France’s Fillon Meets With Religious Leaders Over Food Dispute

French Prime Minister Francois Fillon began meetings with Jewish and Muslim leaders today to diffuse a dispute about religious dietary codes that has threatened to dominate France’s presidential elections.

In a direct reference to Kosher and Halal practices of preparing meat, Fillon said in a radio interview March 5 that “religions should reflect on dietary rules that don’t have much to do with the modern state of science, technology and sanitation.”

Animals killed under Halal and Kosher rules aren’t stunned before being slaughtered, unlike the usual practice in France.

Fillon’s comments followed statements by both supporters and opponents of President Nicolas Sarkozy that have made Halal meat a dominant election issue this week, even as unemployment hovers near 10 percent and Greece is in talks with creditors to avoid a default. The first round of France’s presidential vote is April 22, with Sarkozy trailing Socialist challenger Francois Hollande in polls.

Questions about Halal meat took up 30 minutes of a 50 minute press conference yesterday by Sarkozy’s campaign spokeswoman, Nathalie Kosciusko-Morizet, who said the reaction to Fillon’s comments was disproportionate.

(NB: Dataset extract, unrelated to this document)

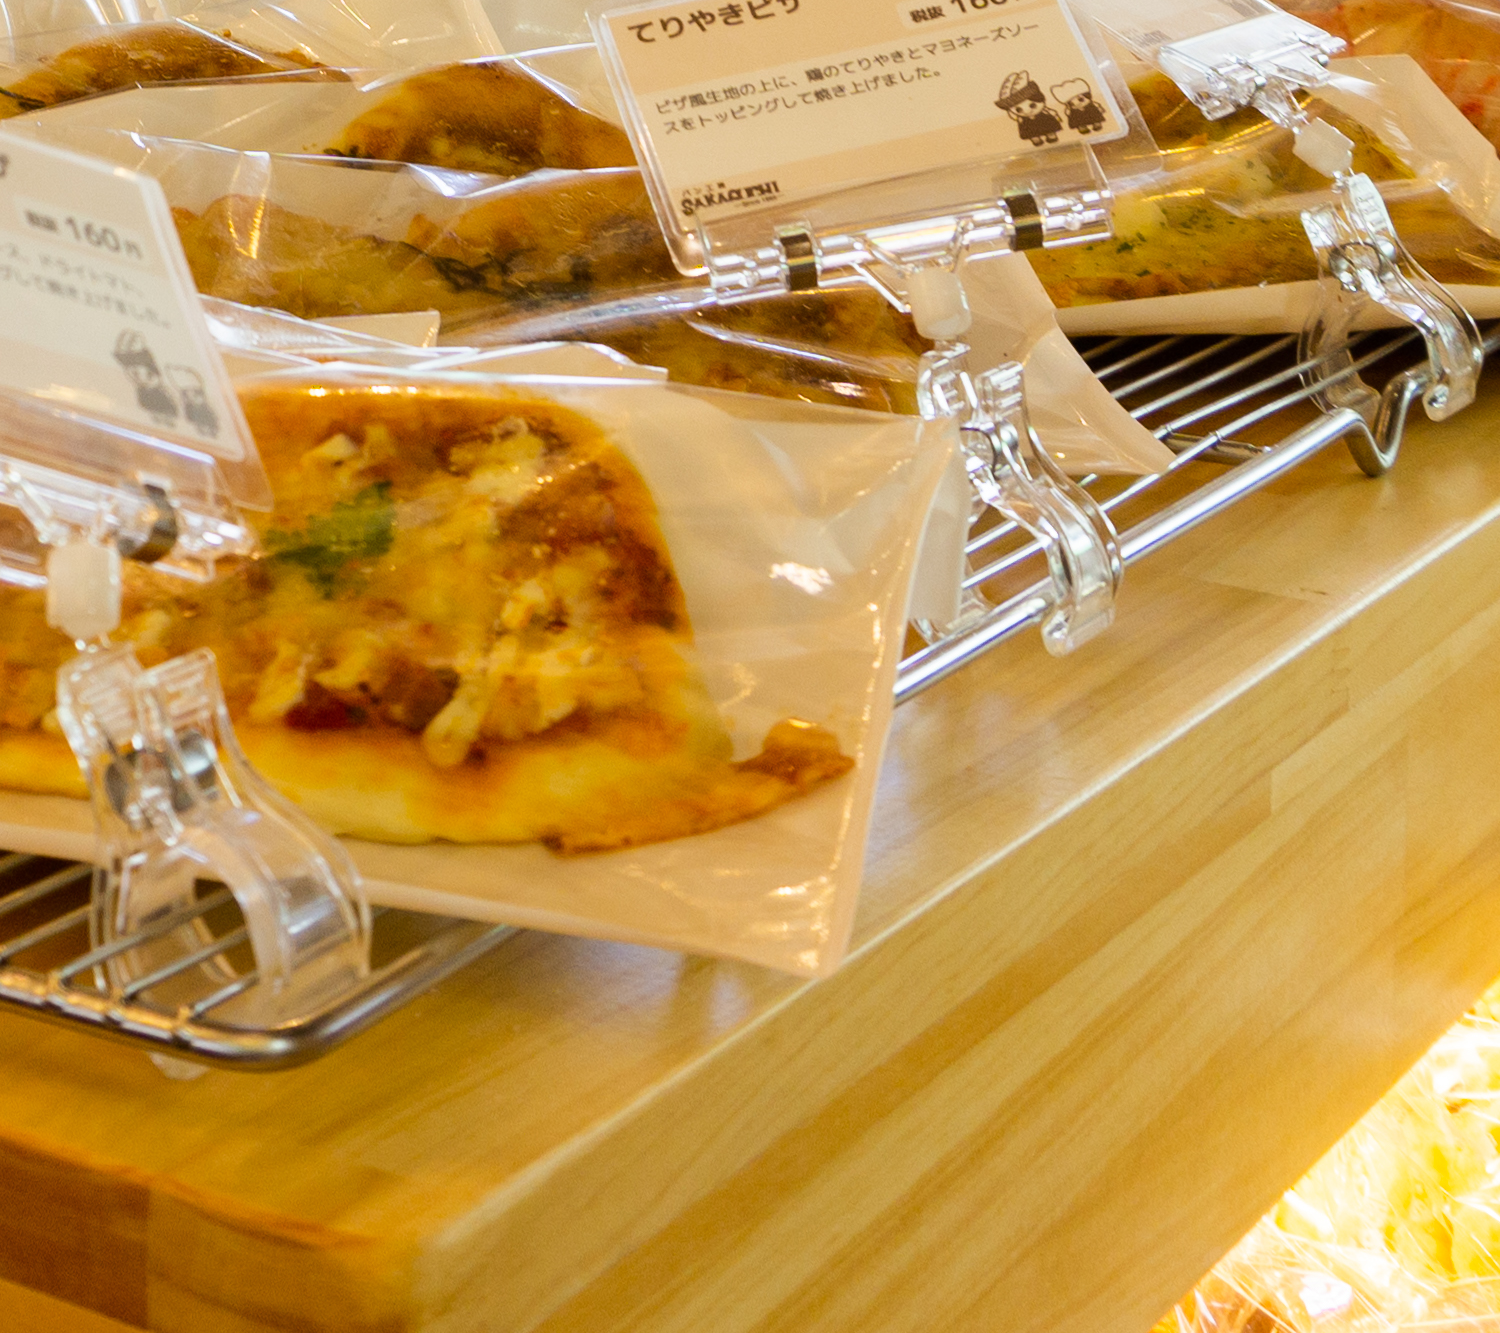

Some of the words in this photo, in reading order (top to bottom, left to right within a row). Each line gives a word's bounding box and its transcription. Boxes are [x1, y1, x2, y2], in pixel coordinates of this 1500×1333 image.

[909, 3, 946, 25] 税抜
[663, 65, 944, 135] スをトッピングして焼き上げました。

“The government is particularly attentive to the respect of secularism and to the respect for religion,” government spokeswoman Valerie Pecresse said at a press conference today. “Fillon’s meetings will express the respect that is due all religions. The Halal issue is closed.”

Chief Rabbi

Fillon met today with Gilles Bernheim, the chief Rabbi of France, and Joel Mergui, head of France’s Jewish Consistory, a body set up under Napoleon two centuries ago to organize Jewish religious practices in France. He’ll meet tomorrow with the head of the Paris mosque, Dalil Boubakeur, and Mohammed Moussaoui, the president of the French Council of Muslim Faith, France’s largest Muslim organization.

“He explained that nothing he said should put into question the continuation of the ritual slaughter of animals in France,” Mergui said after the meeting. “We don’t want this issue to be a hostage to the election.”

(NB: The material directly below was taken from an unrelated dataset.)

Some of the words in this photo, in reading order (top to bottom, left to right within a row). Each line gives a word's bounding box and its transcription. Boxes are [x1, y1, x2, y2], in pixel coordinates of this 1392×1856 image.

The Halal issue first arose last month when anti-immigrant candidate Marine Le Pen claimed most of the meat consumed in Paris was Halal meat, and that many non-Muslims were eating Halal meat without knowing it. Butchers’ groups denied the claim.

Halal Meat Labels

Interior Minister Claude Gueant then said several times last week that foreigners should be denied the vote in local elections because the city councils they elect might impose Halal meat in school cafeterias. Sarkozy then suggested last weekend that all meat on sale in France carry labels saying whether it was prepared under religious guidelines.

Bernheim says he’s opposed to labeling, which would stigmatize kosher meat and render more expensive what he called a religious obligation.

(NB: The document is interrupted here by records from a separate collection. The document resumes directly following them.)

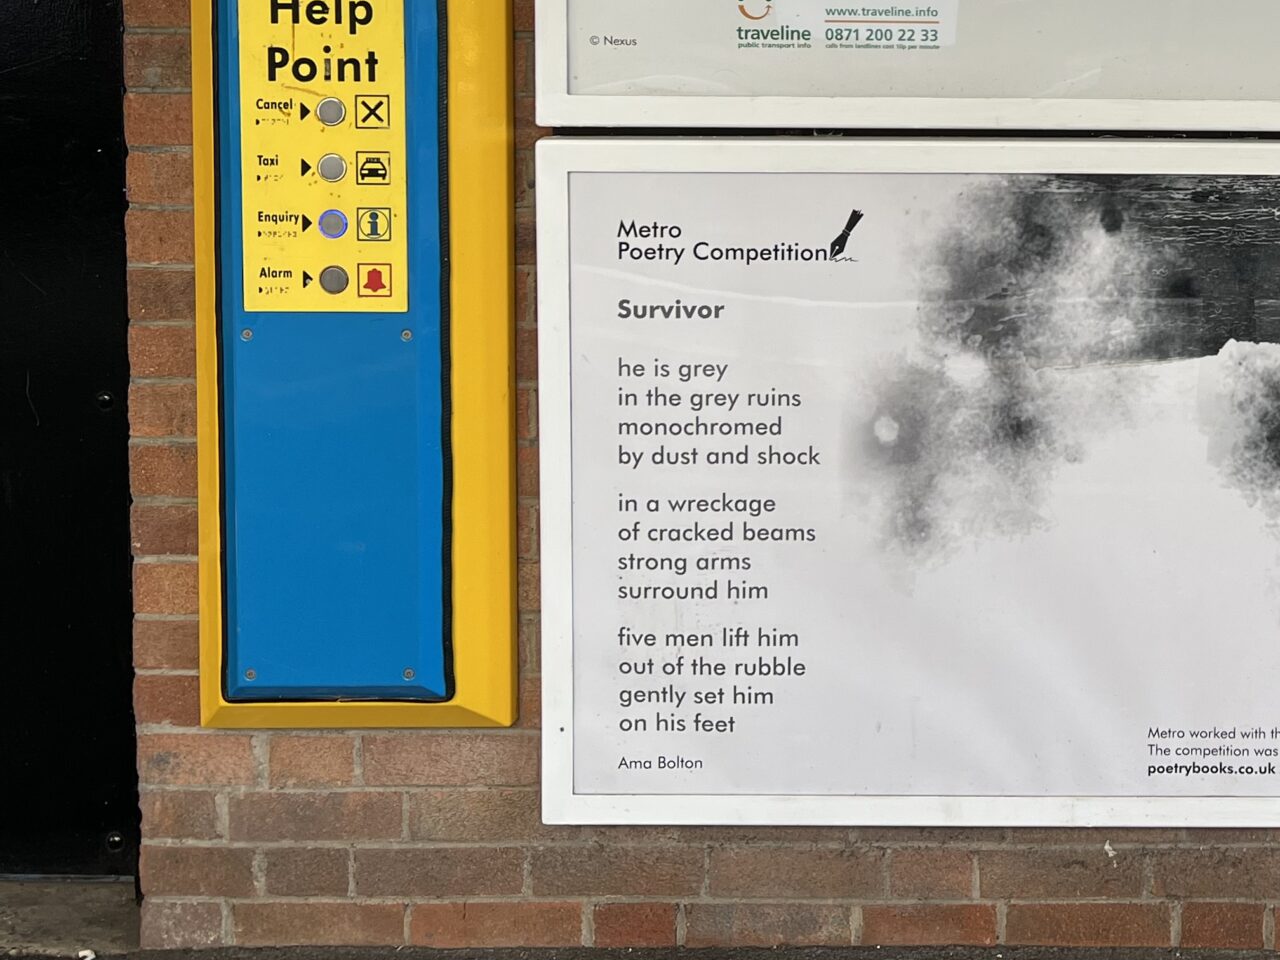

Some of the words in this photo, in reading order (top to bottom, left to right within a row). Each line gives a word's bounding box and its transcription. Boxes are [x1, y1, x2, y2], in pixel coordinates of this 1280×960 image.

[825, 6, 938, 18] www.traveline.info
[603, 35, 637, 46] Nexus
[737, 26, 811, 41] traveline
[825, 29, 859, 40] 0871
[866, 29, 892, 41] 200
[897, 29, 915, 41] 22
[921, 30, 938, 41] 33
[268, 46, 378, 82] Point
[256, 99, 292, 109] Cancel
[257, 155, 278, 165] Taxi
[258, 211, 299, 224] Enquiry
[617, 220, 681, 238] Metro
[618, 242, 685, 264] Poetry
[693, 242, 827, 265] Competition
[259, 267, 292, 278] Alarm
[618, 300, 724, 319] Survivor
[618, 358, 645, 376] he
[654, 359, 669, 376] is
[679, 362, 728, 381] grey
[618, 388, 637, 406] in
[647, 388, 681, 406] the
[691, 392, 739, 411] grey
[748, 389, 801, 406] ruins
[618, 417, 782, 435] monochromed
[618, 446, 643, 469] by
[652, 446, 698, 464] dust
[707, 446, 748, 465] and
[757, 446, 820, 465] shock
[1148, 728, 1185, 739] Metro
[1189, 728, 1236, 739] worked
[1240, 728, 1266, 739] with
[618, 757, 651, 769] Ama
[658, 756, 703, 769] Bolton
[1148, 762, 1276, 776] poetrybooks.co.uk

Hollande said during a campaign visit near Paris yesterday that Sarkozy should show “restraint” on the issue. Some of Sarkozy’s allies have also distanced themselves. Foreign Minister Alain Juppe said on March 5 that Halal “is a false problem” and “clashes of civilizations are not my cup of tea.”

France has both Western Europe’s largest Muslim and Jewish populations. “We realize that Jews aren’t the target, but we have become collateral damage,” Bernheim said. “The target is a certain strain of Islam that scares some people.”